Wilbur, who had seen the card on the table, squared himself in front of the fireplace and prepared to be kind and firm and just.

“I know that you will think what I am going to propose is queer,” she began gently, “and I am afraid that you will think it wrong. But I must, I must do it.”

Wilbur’s face wore a frightened look, as though he feared a confession of deadly sin.

“I want to leave you, to go away somewhere, to Europe probably.”

“What for?”

“Because I am not happy here. I cannot take the interest I had in Chicago or in our affairs, and I am thinking constantly of other things. I am no longer a good wife, I believe.” She had no idea how literally Wilbur would take this admission.

“You don’t mean to say it’s come to that with Erard.” Wilbur’s face assumed a sneer, as an outward reflection of his opinion of Erard. Mrs. Wilbur rose as if suddenly whipped.

“What do you mean? No! you needn’t explain. I understand.” Her manner changed to a contemptuous coolness. “I am sorry that my determination to leave your house should coincide so exactly with your vulgar outbreak over my old friend. No, I shall not leave Chicago with him! Had I thought of doing so, I should probably not have consulted you, though you and my mother have done what you could to goad a woman to that.”

“But,” she continued firmly, “my feelings, my determination, have been growing, growing,” she repeated the word hopelessly, seeing how difficult it was to make her conduct seem rational, not mere caprice. “And it may be for only a few months. I want to get away by myself.”

Wilbur would not abandon the Erard motive.
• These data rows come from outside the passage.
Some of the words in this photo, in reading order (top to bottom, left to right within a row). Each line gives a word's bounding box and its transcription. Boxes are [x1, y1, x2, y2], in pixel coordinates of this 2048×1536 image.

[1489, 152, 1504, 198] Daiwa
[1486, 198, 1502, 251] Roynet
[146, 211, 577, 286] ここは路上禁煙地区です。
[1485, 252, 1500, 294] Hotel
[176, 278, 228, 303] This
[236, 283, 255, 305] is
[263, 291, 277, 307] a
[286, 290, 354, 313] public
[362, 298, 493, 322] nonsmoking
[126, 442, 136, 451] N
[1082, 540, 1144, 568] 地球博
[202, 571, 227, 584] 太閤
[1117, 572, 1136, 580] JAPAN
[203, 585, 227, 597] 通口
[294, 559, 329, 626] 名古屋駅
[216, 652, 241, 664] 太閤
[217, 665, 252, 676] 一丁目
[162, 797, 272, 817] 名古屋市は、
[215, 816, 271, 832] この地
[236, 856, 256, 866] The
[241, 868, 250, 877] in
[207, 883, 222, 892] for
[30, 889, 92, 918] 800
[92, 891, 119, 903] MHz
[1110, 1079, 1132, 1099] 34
“I didn’t suppose you meant to run away with him, but he’s stirred you up; got you all out of gear, with his twaddle and sentiment.”

“Perhaps he has hastened matters,” Mrs. Wilbur admitted, anxious to do justice to any reasonable arguments. “But that is immaterial really. He merely made me think faster—although we never referred to my married life.”
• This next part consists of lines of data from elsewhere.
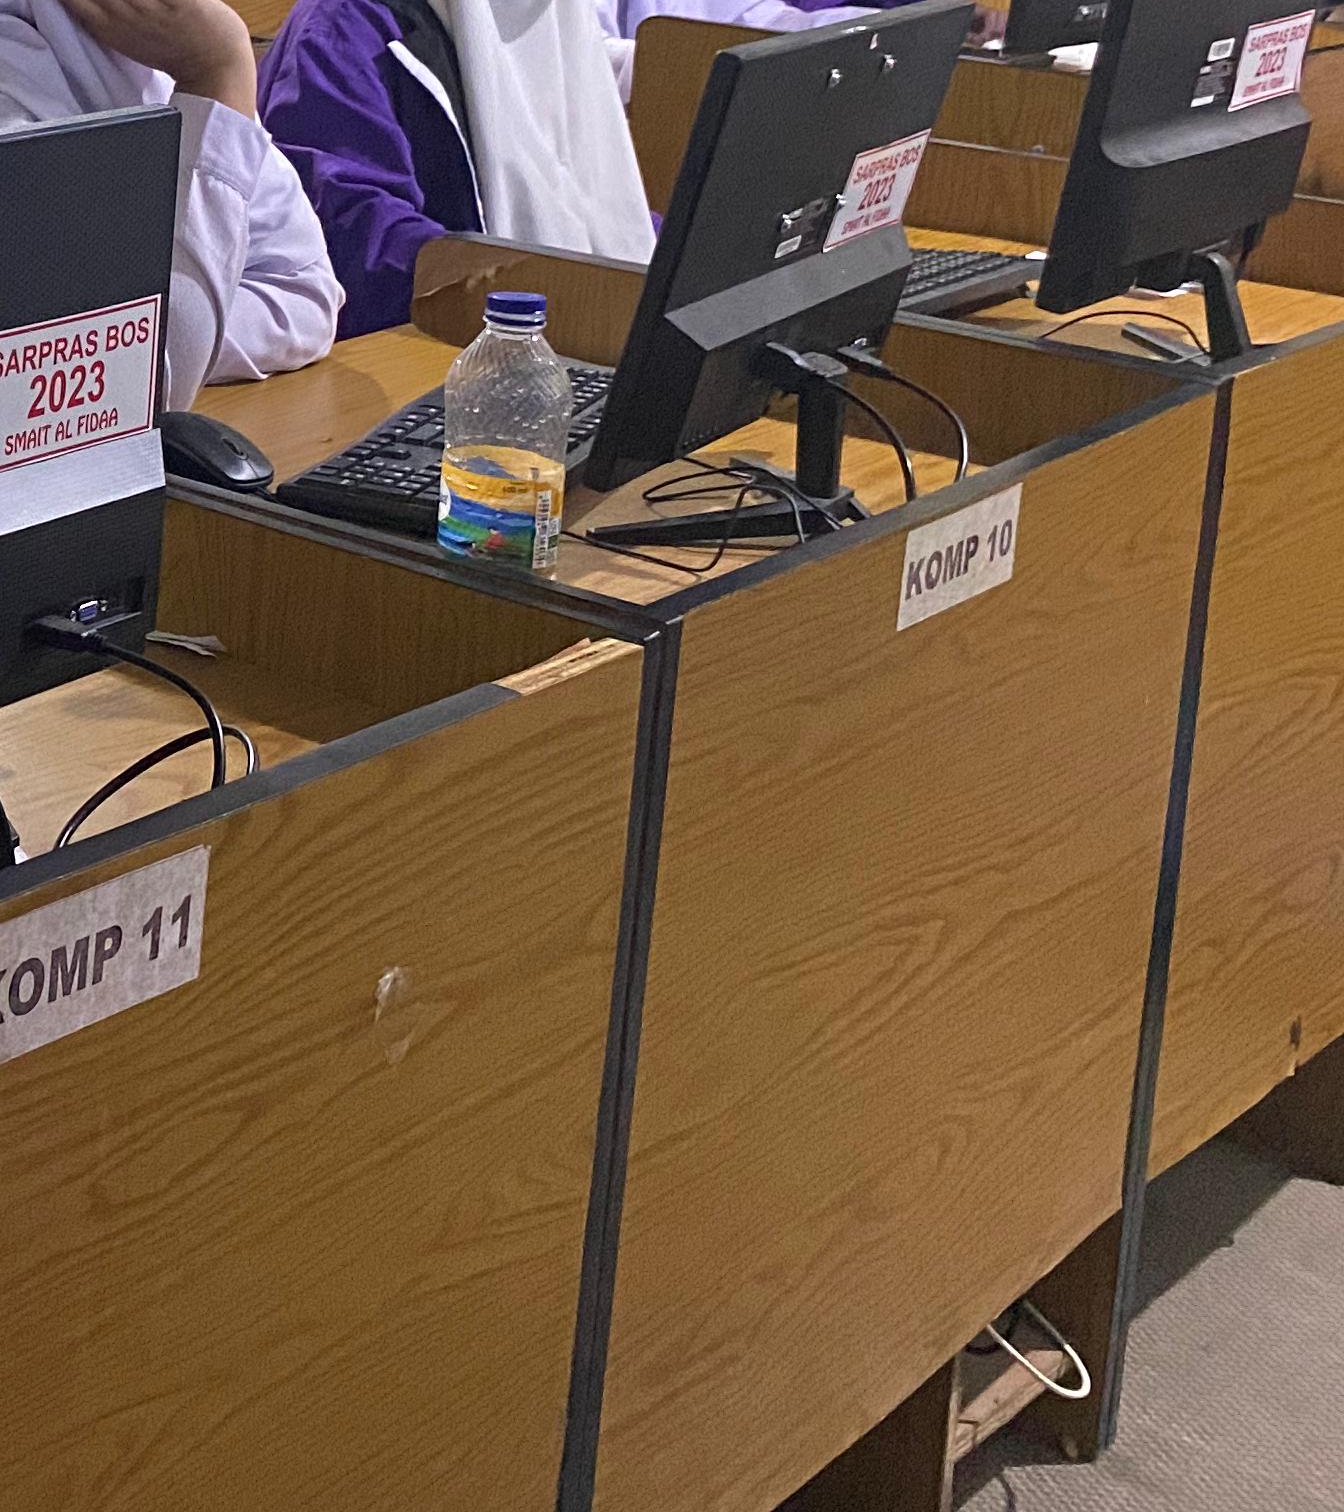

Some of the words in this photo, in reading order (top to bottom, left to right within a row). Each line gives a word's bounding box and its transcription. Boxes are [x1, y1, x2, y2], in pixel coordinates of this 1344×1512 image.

[857, 173, 896, 212] 2023
[105, 317, 150, 352] BOS
[27, 360, 106, 420] 2023
[4, 424, 52, 456] SMAIT
[55, 419, 72, 442] AL
[77, 407, 119, 436] FIDAA
[905, 534, 979, 601] KOMP
[987, 519, 1013, 562] 10
[142, 894, 192, 961] 11
“Do you pretend to justify your conduct?” Wilbur fumed. He was plainly embarrassed by the suddenness of this great question.

“Not at all,” Mrs. Wilbur replied, with a touch of sarcasm, “all the justification will be on your side. There’s no excuse for me, since you have not threatened my life nor committed adultery. You will have universal sympathy.”
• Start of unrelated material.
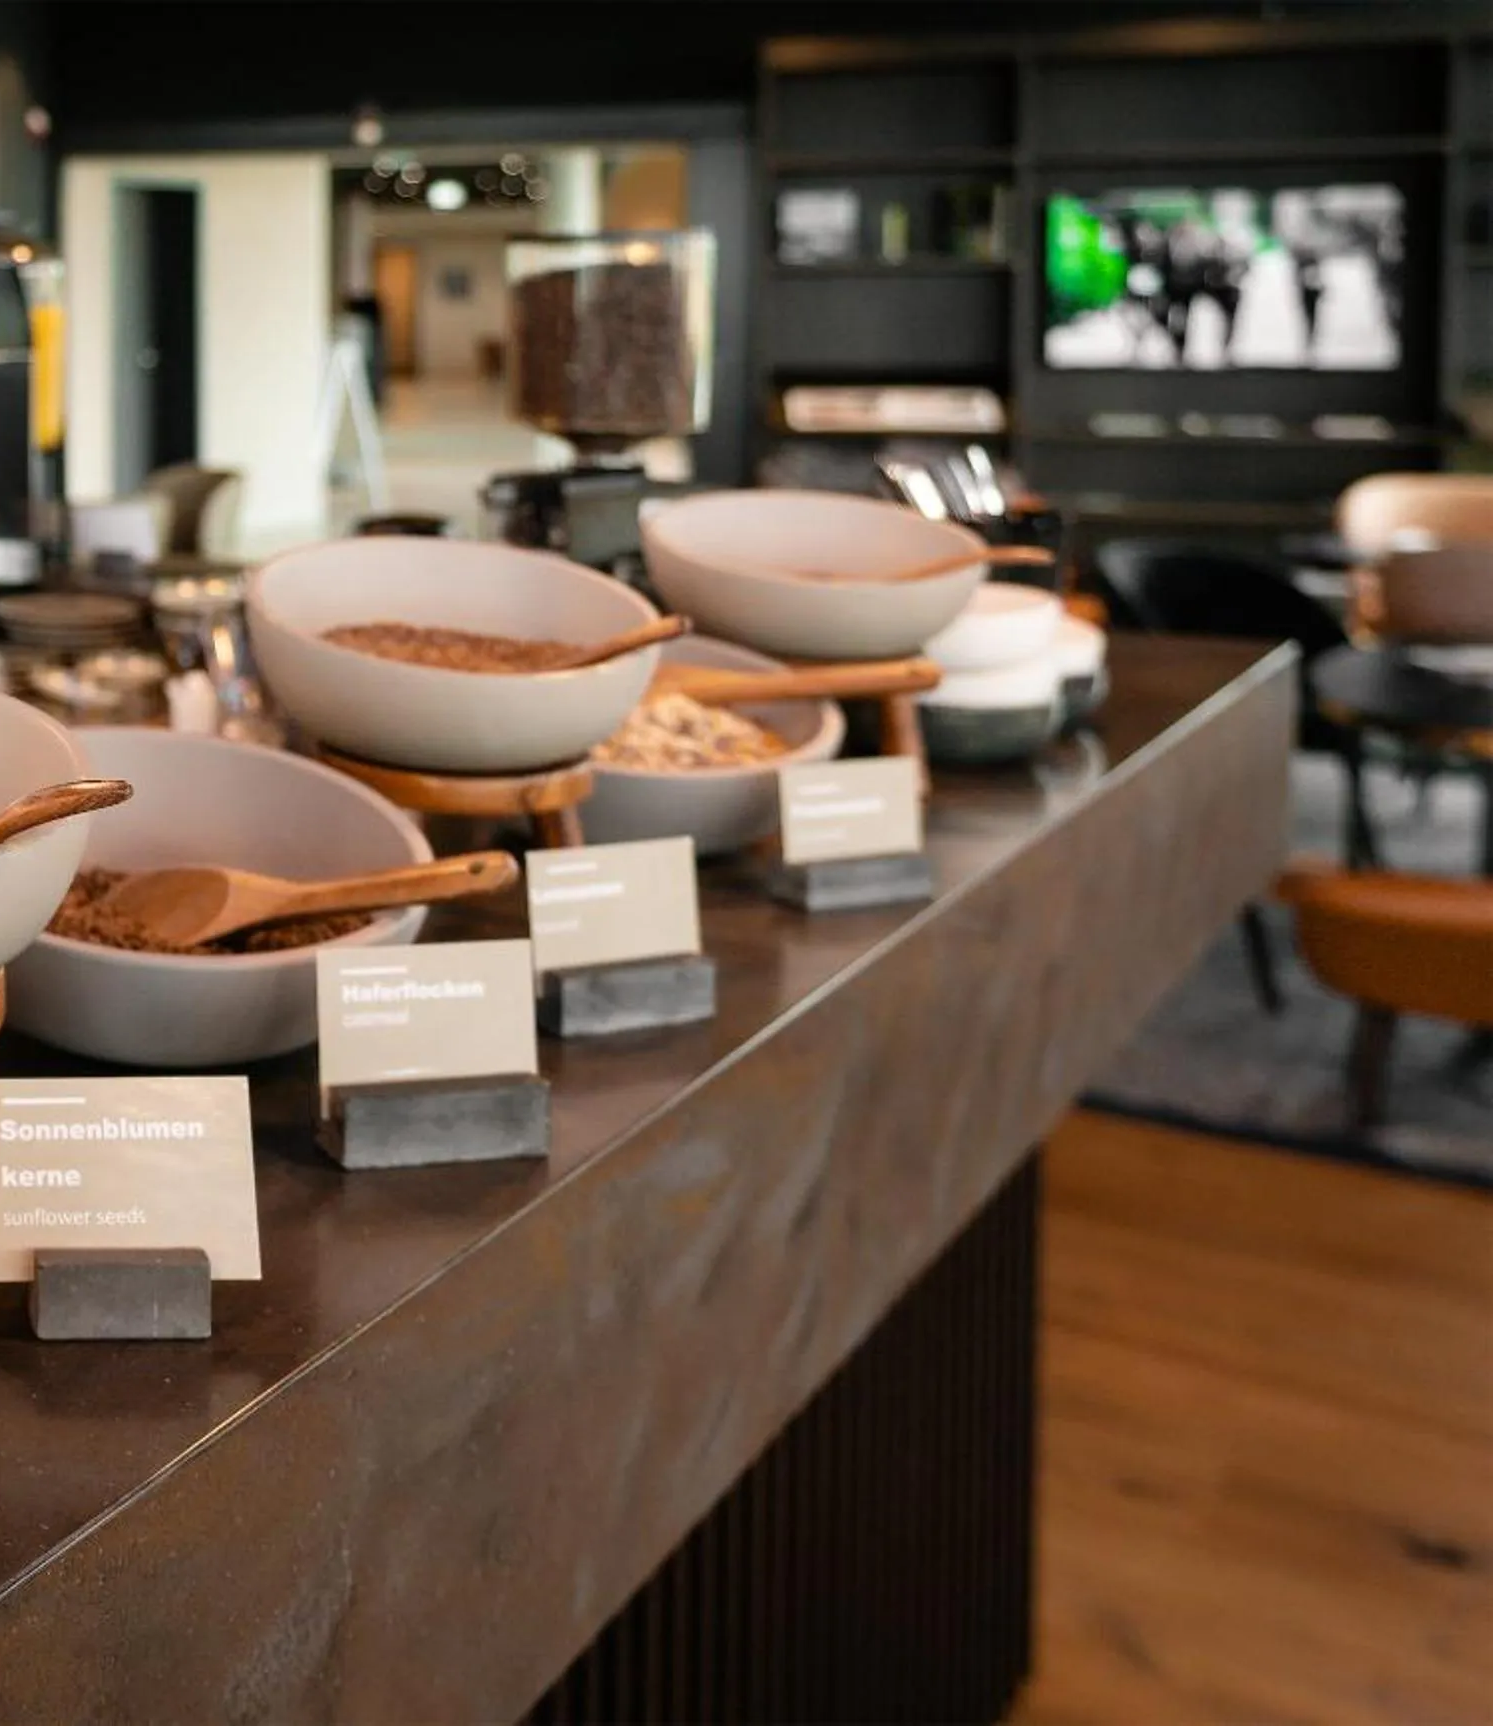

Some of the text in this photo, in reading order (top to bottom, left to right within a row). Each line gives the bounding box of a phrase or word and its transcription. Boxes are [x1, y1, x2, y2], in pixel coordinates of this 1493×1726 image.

[0, 1117, 204, 1142] Sonnenblumen
[1, 1165, 82, 1188] kerne
[3, 1204, 147, 1227] sunflower seeds
They thought silently for a few minutes. Then she added,—“And I should want you to have this house and all the money I had when we were married—in any event.”

“Have you any objections to me?” Wilbur asked roughly.

And thus they continued to discuss the matter in the still room of the still house that Mrs. Wilbur had likened to a tomb. The man’s sense of wanton, unprovoked injury increased as each bend of the argument revealed itself. He was so irreproachably right! a truth which his wife did not attempt to deny.

“But why do you want to retain a despicable woman?” she asked coldly, at last.

If he loved her, she thought, he would not try to convince her with arguments of propriety and religious exhortations. And if he showed that he loved her passionately she would not have the courage to leave him. One expression of longing love would have bound her hand and foot.

He did love her, in his way, as a busy man married nearly four years, who could not devote himself exclusively to sentiments, does love. He admired her, was proud of her fine presence in dress, thought she was a clever woman—indeed the most superb creature of hersex he had ever seen. And he loved domesticity in itself. He had an honest loathing for immorality, and a healthy respect for the home. He hoped for a family of children “to put ahead in the world.” He was prepared to be a good husband and father, and, now! a catastrophe from a clear sky. A man’s pride receives a severe cuff when the handsome woman he has secured, as he thinks, on a life-tenure, shows the world that she is sick of the bargain.

They gave up the subject in sheer exhaustion that night, Mrs. Wilbur agreeing to take no final step without further consideration. As she left the room, her husband said blankly, “You couldn’t have cared much all along!”

She turned with a gleam of irritation.

“It was to be a partnership, wasn’t it? There was too much of that idea. Marriage isn’t a partnership. It’s—”

He waited expectantly.

“I don’t know,” she moaned. “I have done you a wrong, somehow.”